Costa Rican singer-songwriter (born 1983)

Vanessa González Leal (born 21 November 1983) is a Costa Rican singer-songwriter and actress. She gained national recognition after representing Costa Rica in the second season of Latin American Idol. Since 2010, she has pursued a solo career with multiple hit singles such as "Olvidarme de Ti" and "No Miro Atrás," and has performed as a guest artist in concerts with Ricardo Montaner, Yuri, Pandora, and others.

== Early life and education ==
González was born in San José, Costa Rica. Her parents, Jorge González Cordero and Iriabelle Leal Arrieta, met in a university choir, fostering Vanessa's early interest in music. She began singing at age three and made her television debut at four on the children's show Recreo Grande. She studied music at the University of Costa Rica from a young age, focusing on violin and guitar, and participated in school and church choirs, including the Angelus choir for over a decade. Vanessa later earned a degree in architecture from the University of Costa Rica before fully dedicating herself to music.

== Career ==
In 2007, González represented Costa Rica on Latin American Idol during its second season. Although she did not reach the final round, the experience gave her national exposure. She went on to collaborate with Costa Rican acts such as Porpartes, Escats, and Arnoldo Castillo.

In 2013, she debuted as a solo artist with the single "Olvidarme de Ti," which topped Costa Rican radio charts. This was followed by "No Miro Atrás" (2014), a pop-rock single that aired on Ritmoson Latino. In 2015, she composed and performed "A Tu Lado," the theme song for Costa Rica's first telenovela, La María.

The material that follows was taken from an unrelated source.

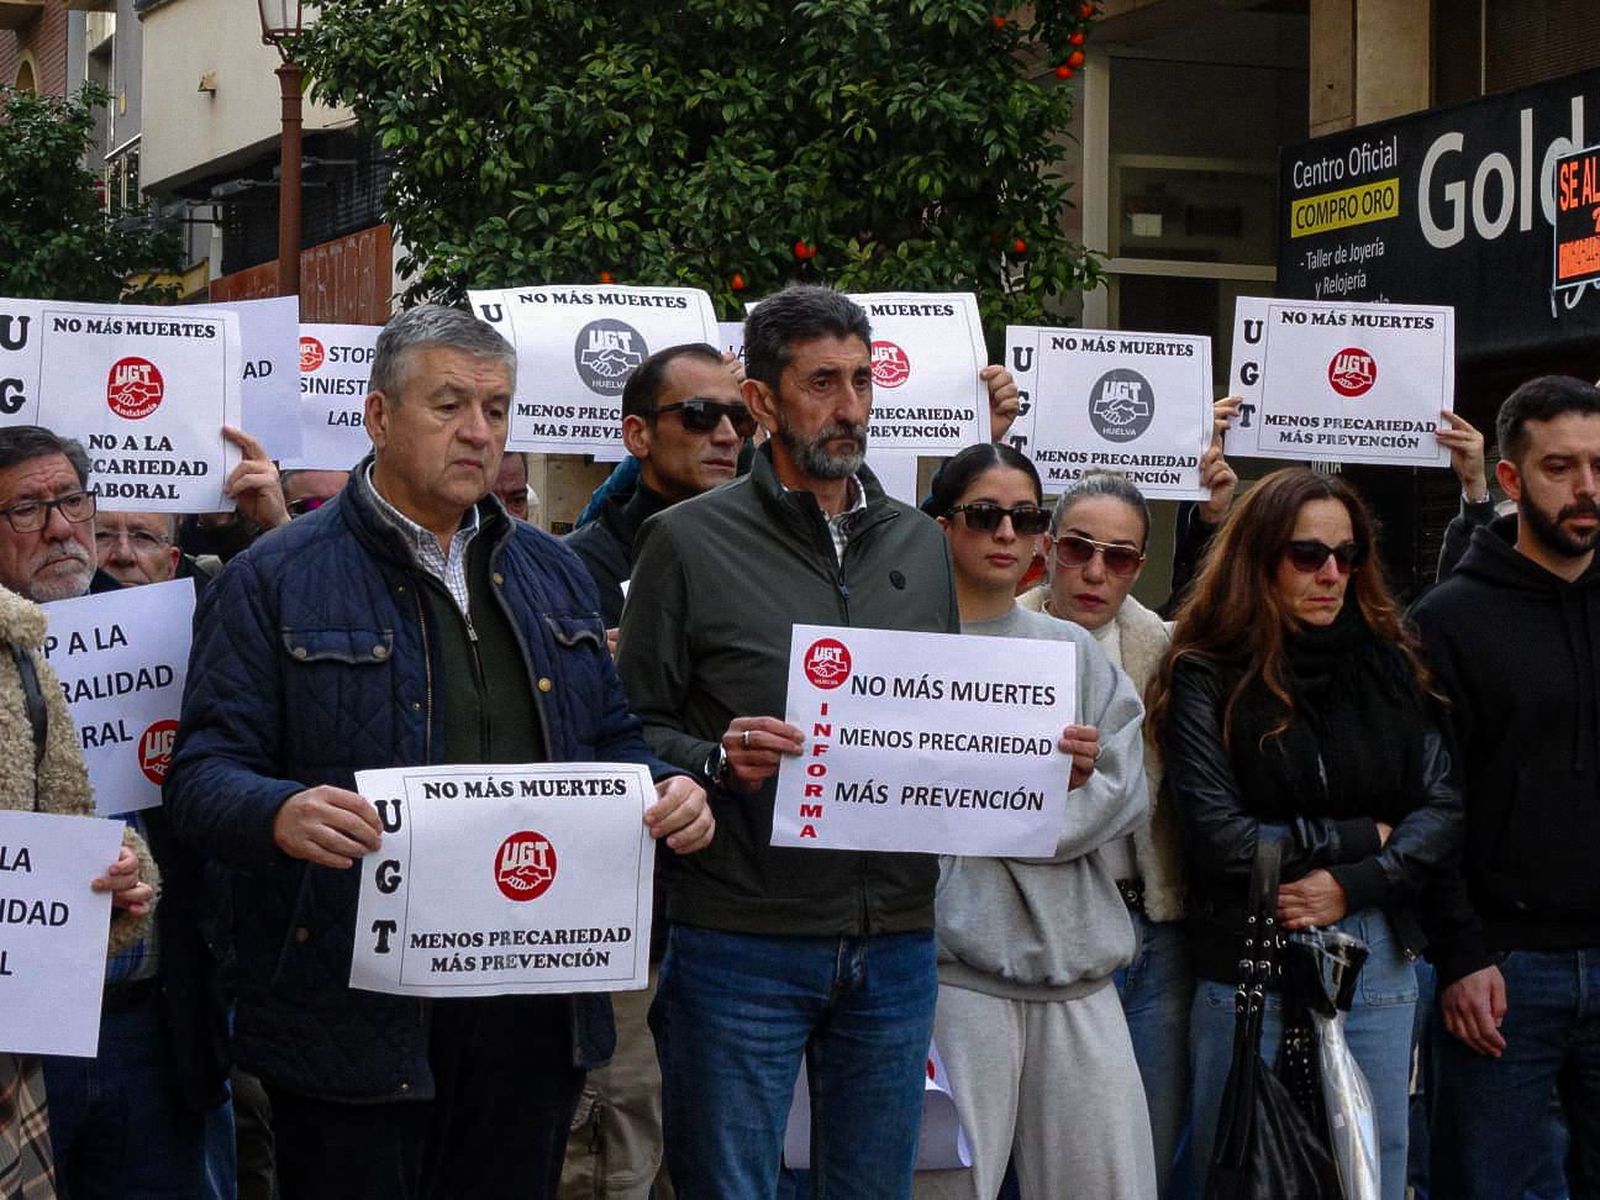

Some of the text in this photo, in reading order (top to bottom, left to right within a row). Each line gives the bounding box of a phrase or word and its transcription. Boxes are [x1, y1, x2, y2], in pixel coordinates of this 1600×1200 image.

She continued to evolve musically with the ballad-pop single "No iré corriendo" (2016) and, in 2017, ventured into urban and calypso fusion with "Rumba en mi piel," highlighting Costa Rican Caribbean rhythms. In 2019, she released "Decide por favor," a track centered on themes of empowerment and overcoming toxic relationships. In 2020, she wrote "Santa ya llegó," the theme song for the Costa Rican Christmas movie Mi papá es un Santa.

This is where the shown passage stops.